There was a girl named Kathy McCord on Rainy Day.

Kathy McCord is Billy Vera's sister. She was a terrific singer, a very, very talented girl. I always liked Kathy. In my shyness - I was writing songs, I started to get together with Kathy, I hadn't played 'Angel Of The Morning' yet for Al and Evie [Sands], and I didn't know if they'd like it or not - I was shy about whether someone would like one of my songs or not. But I felt less shy with Kathy for some reason, and I said to her, "If Al and Evie don't want to do this song, I want you to cut it." So I played it for her first. She had rehearsed it with me and she sounded really good on it. And I always felt bad that the next day I had the meeting with Al and Evie, and I was ready to do it with Kathy, 'cos I was afraid they were going to say, "I'm not sure." And if they said that they weren't sure I was going to go ahead and cut it with Kathy. I played it for them and they both went nuts for the song. So then I had to call Kathy and say, "We've got to do something else." She was always disappointed that it wasn't hers, but that's the way it goes.

Do you remember Jean Thomas? She was on Rainy Day as well. You wrote and produced 'Don't Make Me' by her on MGM. This was before Rainy Day, about 1964.

She was a sweet, sweet girl. Jean was a background/session singer. I don't remember even producing this. She probably did a demo for me of this song and we made it into a recording.

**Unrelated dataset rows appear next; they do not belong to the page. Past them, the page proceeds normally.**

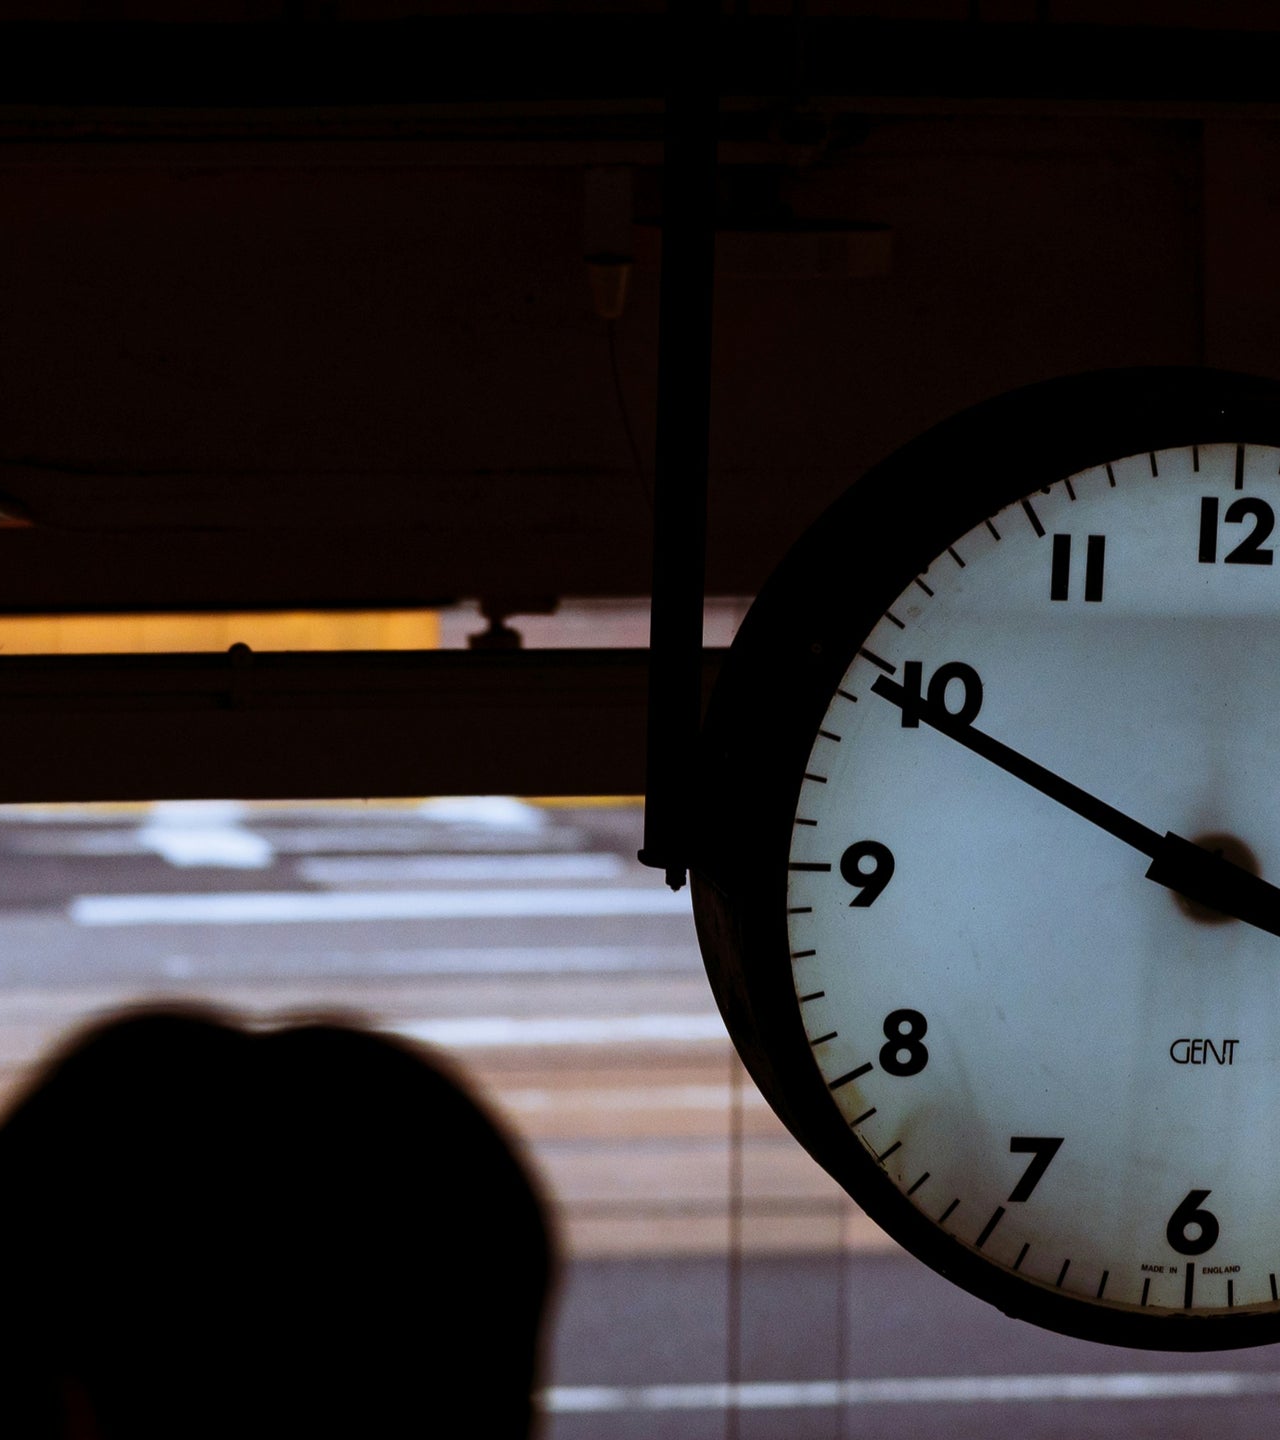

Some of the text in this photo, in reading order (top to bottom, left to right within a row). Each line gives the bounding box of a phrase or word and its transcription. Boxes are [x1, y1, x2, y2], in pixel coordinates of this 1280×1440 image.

[1198, 496, 1275, 566] 12
[1050, 533, 1106, 603] 11
[901, 660, 984, 731] 10
[839, 840, 895, 908] 9
[878, 1008, 929, 1078] 8
[1169, 1037, 1240, 1065] GENT
[1006, 1136, 1065, 1204] 7
[1165, 1189, 1220, 1257] 6
[1141, 1264, 1164, 1273] MADE
[1202, 1265, 1241, 1275] ENGLAND

This one here - 'Who Are You' by Stacey Cane, which you wrote with Ted Daryll - is a Kama Sutra Production. They were a bit of a dodgy crowd, weren't they?

Absolutely (laughs).

Where were they based?

They were based in 1650 Broadway. A lot of dodgy characters through that building! I don't really remember this one, but I would say that a lot of the troubles in the business were … these were all good guys, but they were dodgy characters. They would make some kind of deal with the record company, through the parent company that would pay the bills, and then they would make deals with their artists, and this was the Catch 22. They would get a lot of money from the record company as an advance to making recordings, and the Kama Sutra [productions] would be distributed through another big company. They'd pay a lot of money to them and they'd get big offices, big cars, big houses in the country, big everything. They'd get a couple of hundred thousand dollars, and then the artist would record and the biggest problem they could have is that the artist had a hit, and they'd have to pay them royalties. They'd have no money - they'd already spent it on their cars, offices and everything, so they'd have to find a way not to pay them.

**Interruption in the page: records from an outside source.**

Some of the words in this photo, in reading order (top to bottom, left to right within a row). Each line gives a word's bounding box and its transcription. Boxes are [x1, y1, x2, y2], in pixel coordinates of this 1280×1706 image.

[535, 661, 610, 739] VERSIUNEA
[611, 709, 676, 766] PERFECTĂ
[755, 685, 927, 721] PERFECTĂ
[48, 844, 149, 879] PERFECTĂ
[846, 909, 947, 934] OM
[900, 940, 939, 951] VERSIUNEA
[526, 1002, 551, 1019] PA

Like 'The Producers'? The central premise: if it's a success, you're really in trouble.

That's true. That's the way a lot of these production companies went.

Let's talk about Evie Sands. How did you find Evie?

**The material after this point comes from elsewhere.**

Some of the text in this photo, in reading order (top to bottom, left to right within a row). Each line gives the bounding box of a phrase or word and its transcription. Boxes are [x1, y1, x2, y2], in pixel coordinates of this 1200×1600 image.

I didn't really find Evie. I just knew of this young girl, 15-years-old, every once in a while she'd walk into this dodgy building, 1650 Broadway, and head for the eighth floor mainly, Teddy Vann's office. I used to see her. I didn't like the song she was singing, but I heard her voice - "Wow! This girl can sing!" And she was a really attractive girl too. I said I'd like to get involved working with this girl. Then, Al Gorgoni said, "Somebody's put up some money for me to do some recordings with Evie." So I said I'd like to get involved with that project and do some writing with you. So it really came through Al. To me, as a producer and a writer, you could not have asked for a better situation. A girl that had a wonderful voice, and for me - with my background in race records and R&B - a white girl who could sing like the most magical black girl around. She had this honey voice that was one of a kind. To me it was like the ultimate find, just to be working with Evie Sands. How could you ever not love that, every minute - working with her, rehearsing with her, producing her. She was a great girl and she loved the way I wrote, the things that Al and I did together.

Did you do a deal with Leiber & Stoller?

Yes, that was fun. The first deal we did with them wasn't 'I Can't Let Go', it was 'Take Me For A Little While', the Trade Martin song. I think I was a little nervous to go over and see them, but we had done the skeleton of the record and were about ready to put the strings on. We wanted to find an outlet and thought Blue Cat might be the place for us. So we went over and had a meeting with them, and got to know them, and they were great. We played them the track and they loved it, so we worked on it through them and released 'Take Me For A Little While' with Evie.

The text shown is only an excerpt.